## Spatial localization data
○ ○ ○

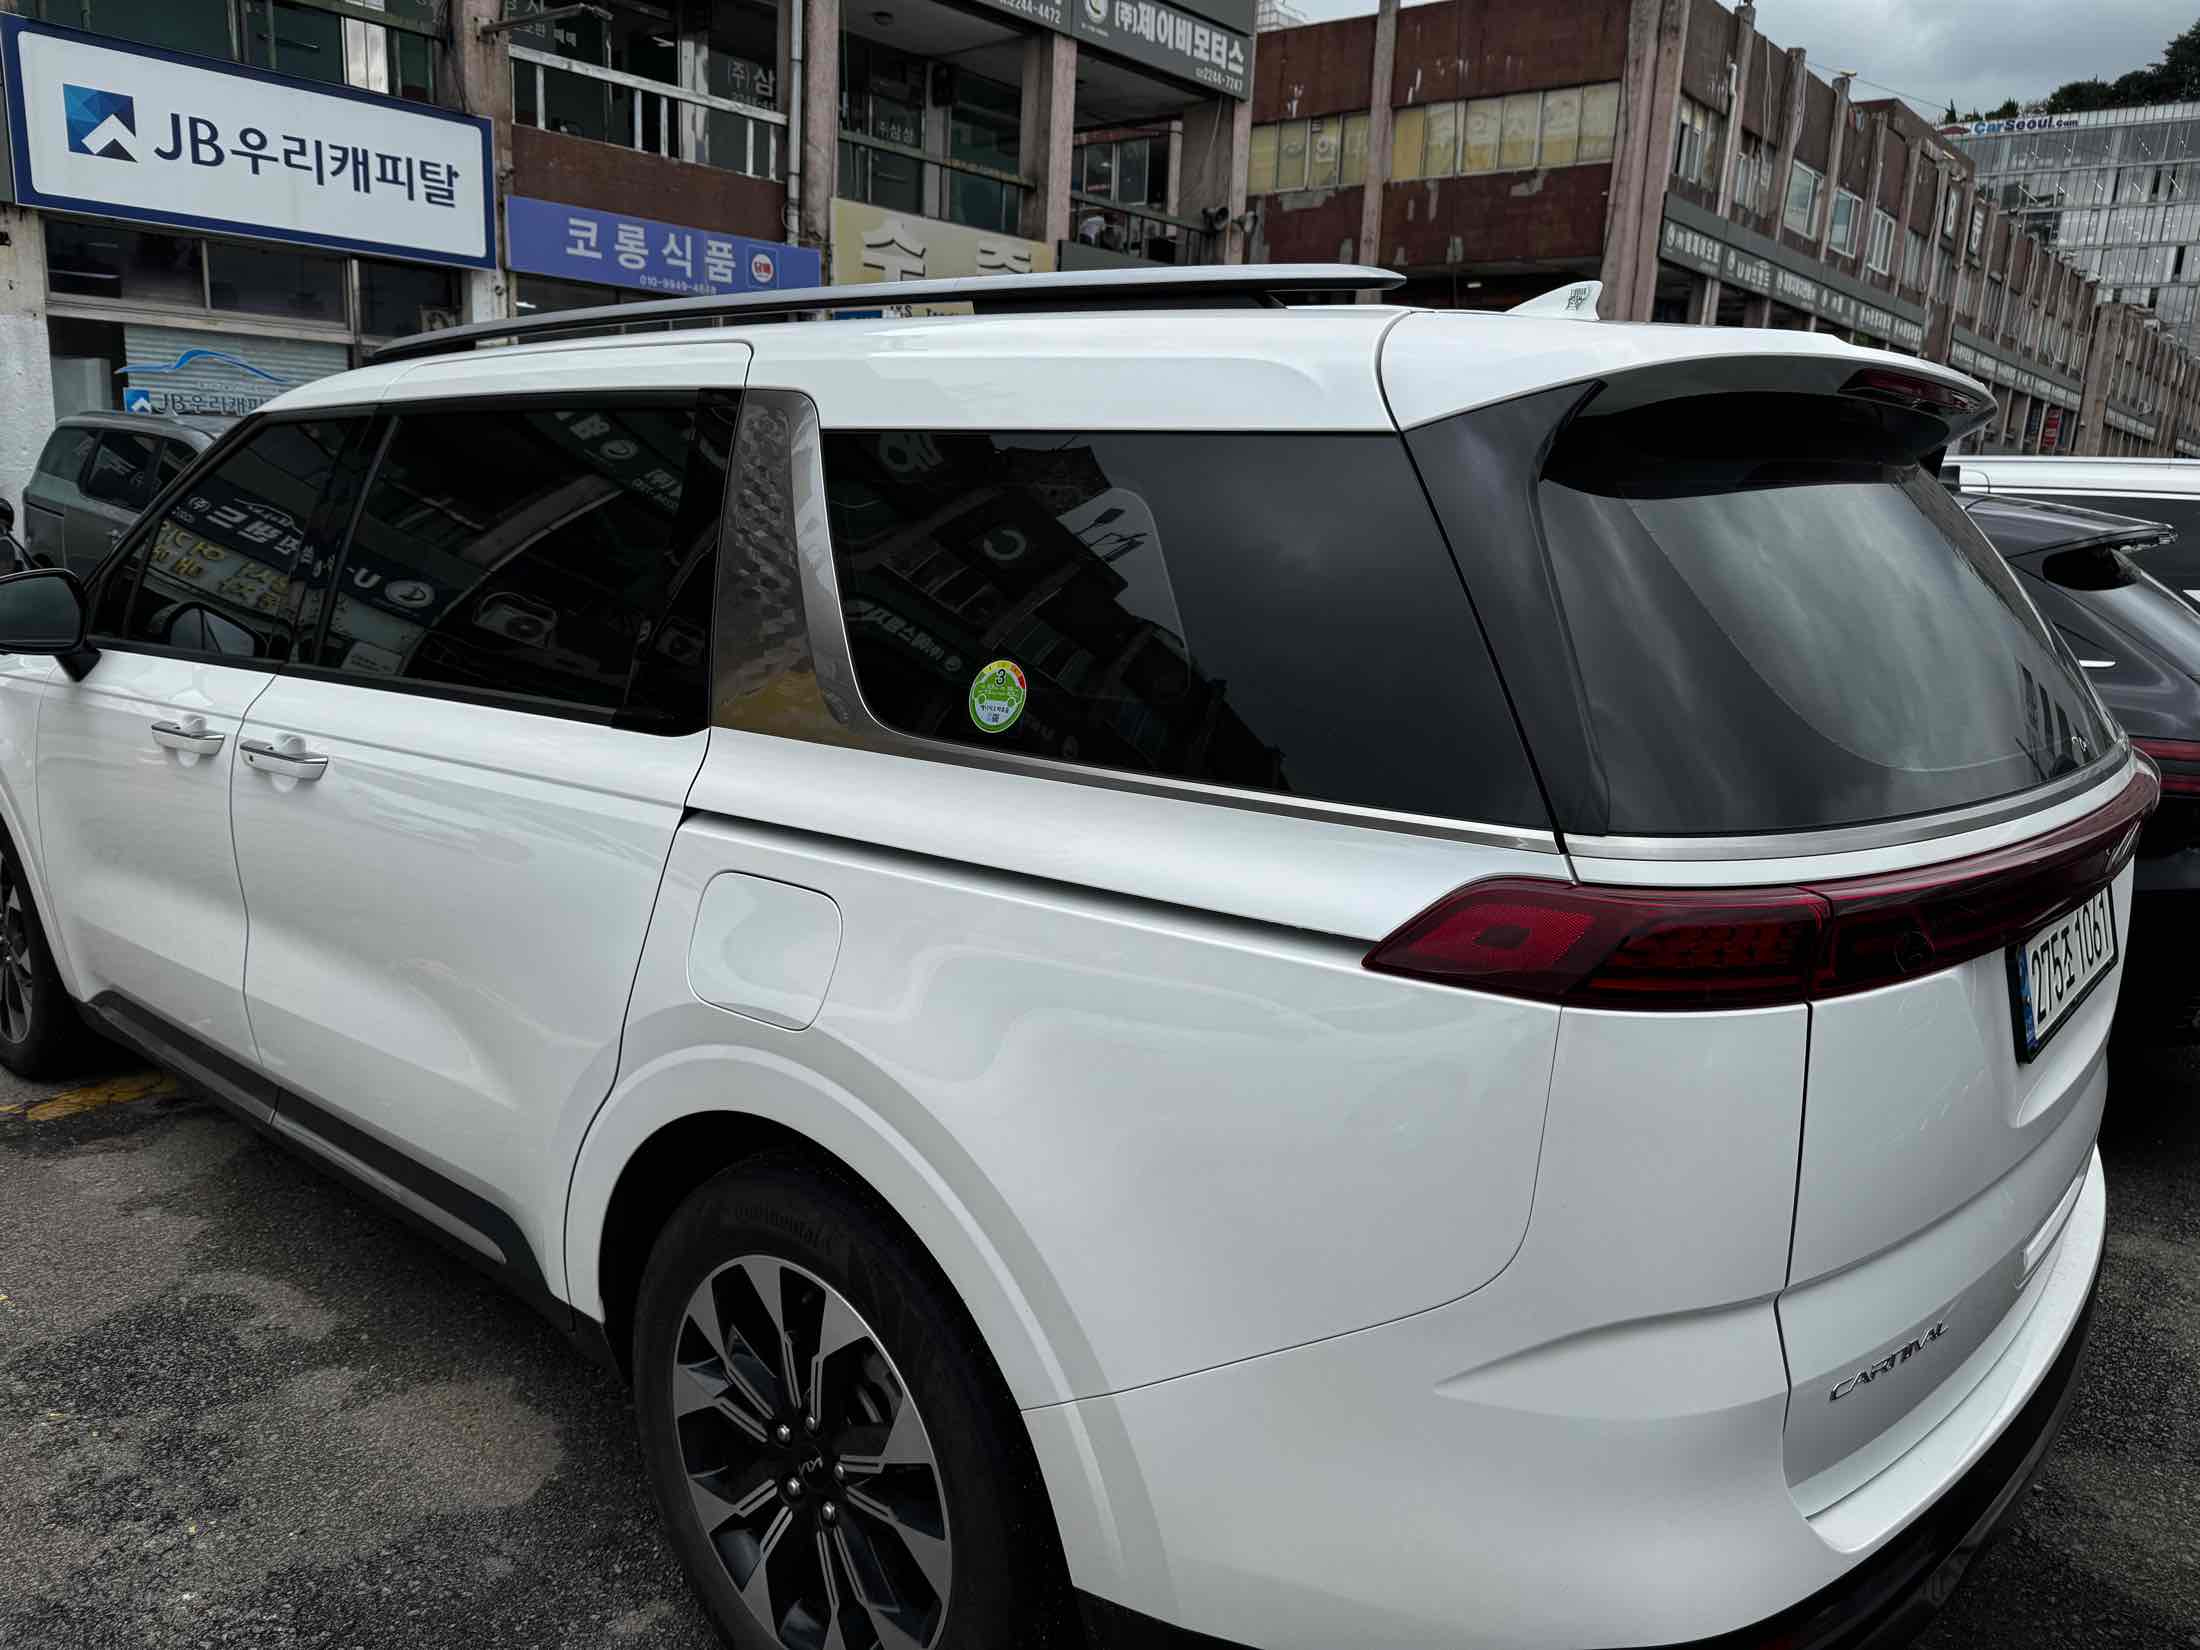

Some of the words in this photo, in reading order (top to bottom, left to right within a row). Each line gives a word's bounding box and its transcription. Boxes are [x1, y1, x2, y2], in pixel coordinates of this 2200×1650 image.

[1115, 1, 1245, 75] (주)제이비모터스
[154, 112, 461, 208] JB우리캐피탈
[566, 217, 737, 284] 코롱식품
[996, 669, 1005, 685] 3
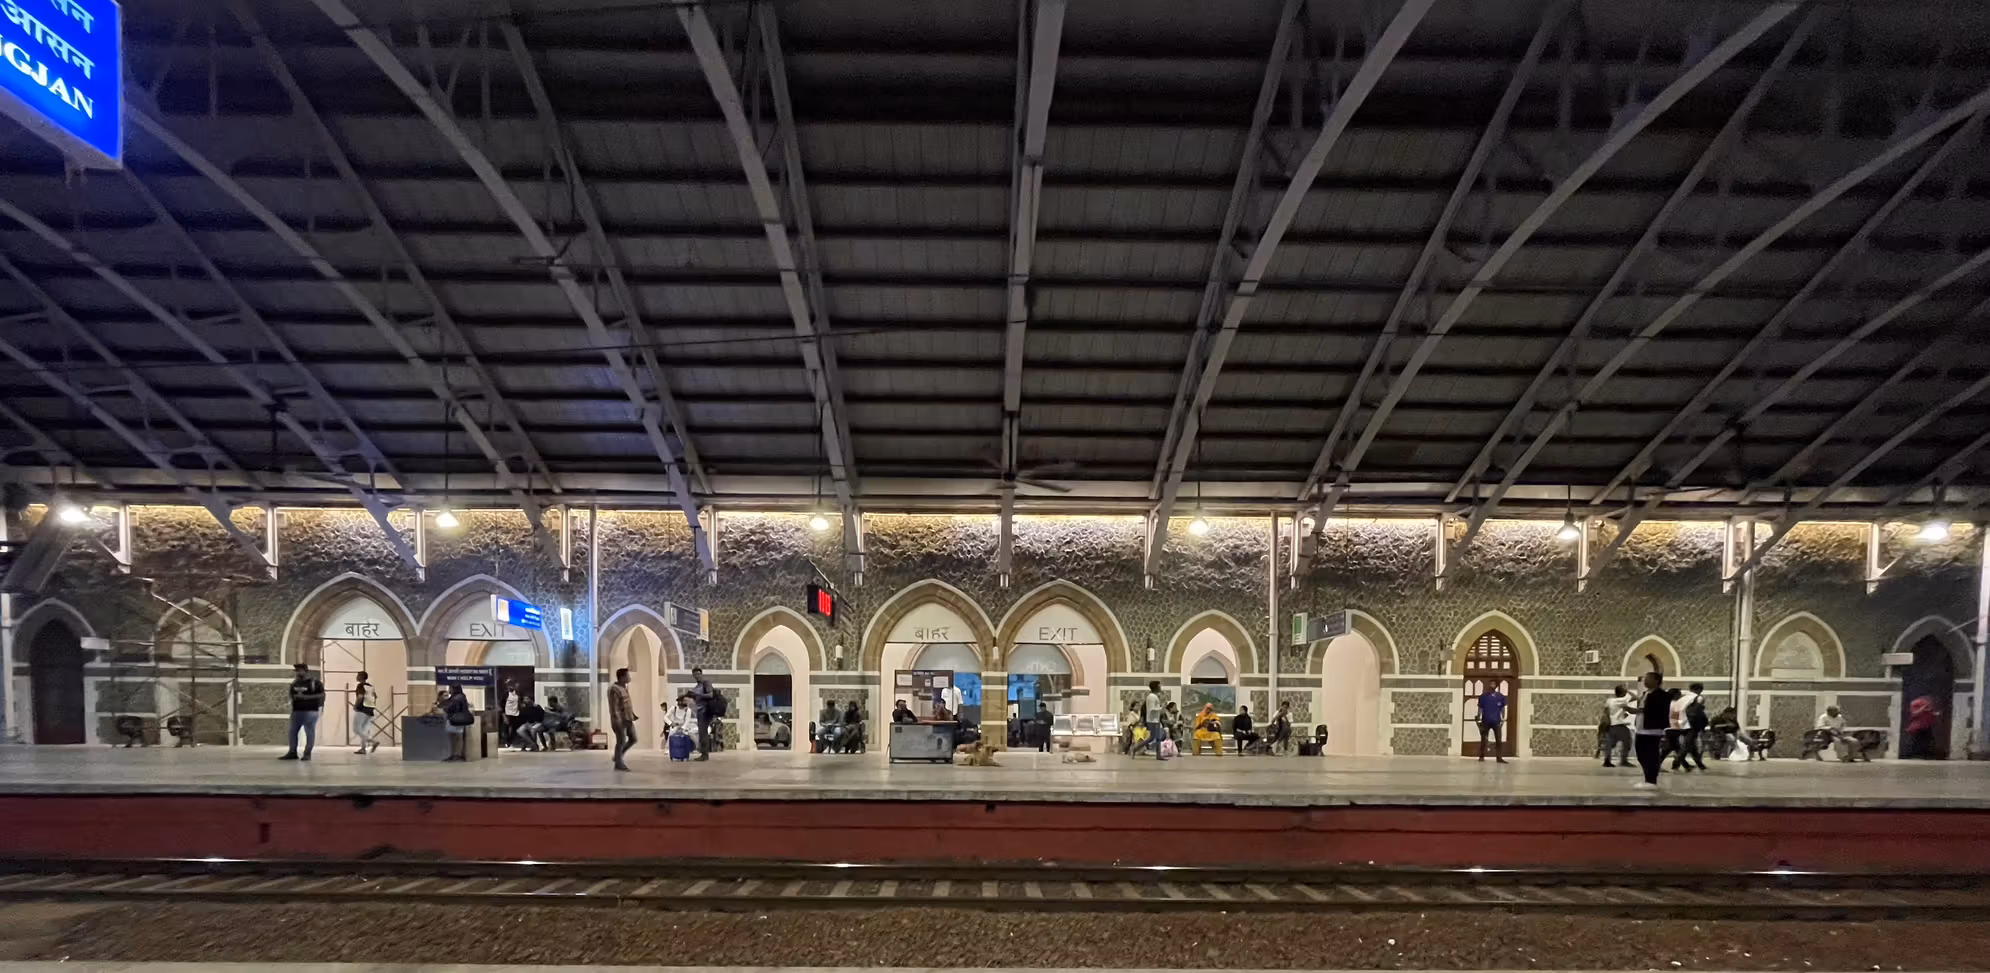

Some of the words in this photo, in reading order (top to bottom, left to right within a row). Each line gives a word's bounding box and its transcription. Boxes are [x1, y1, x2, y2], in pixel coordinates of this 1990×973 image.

○ ○ ○

## Your objective
Hand back the data exactly as it appears, with all pictures cut.

## Problem solution
Some of the words in this photo, in reading order (top to bottom, left to right within a row). Each line gives a word's bounding box and its transcription. Boxes are [x1, y1, x2, y2], in pixel coordinates of this 2200×1650 image.

[1115, 1, 1245, 75] (주)제이비모터스
[154, 112, 461, 208] JB우리캐피탈
[566, 217, 737, 284] 코롱식품
[996, 669, 1005, 685] 3

Some of the words in this photo, in reading order (top to bottom, left to right within a row). Each line gives a word's bounding box and its transcription. Boxes are [x1, y1, x2, y2], in pixel coordinates of this 1990×973 image.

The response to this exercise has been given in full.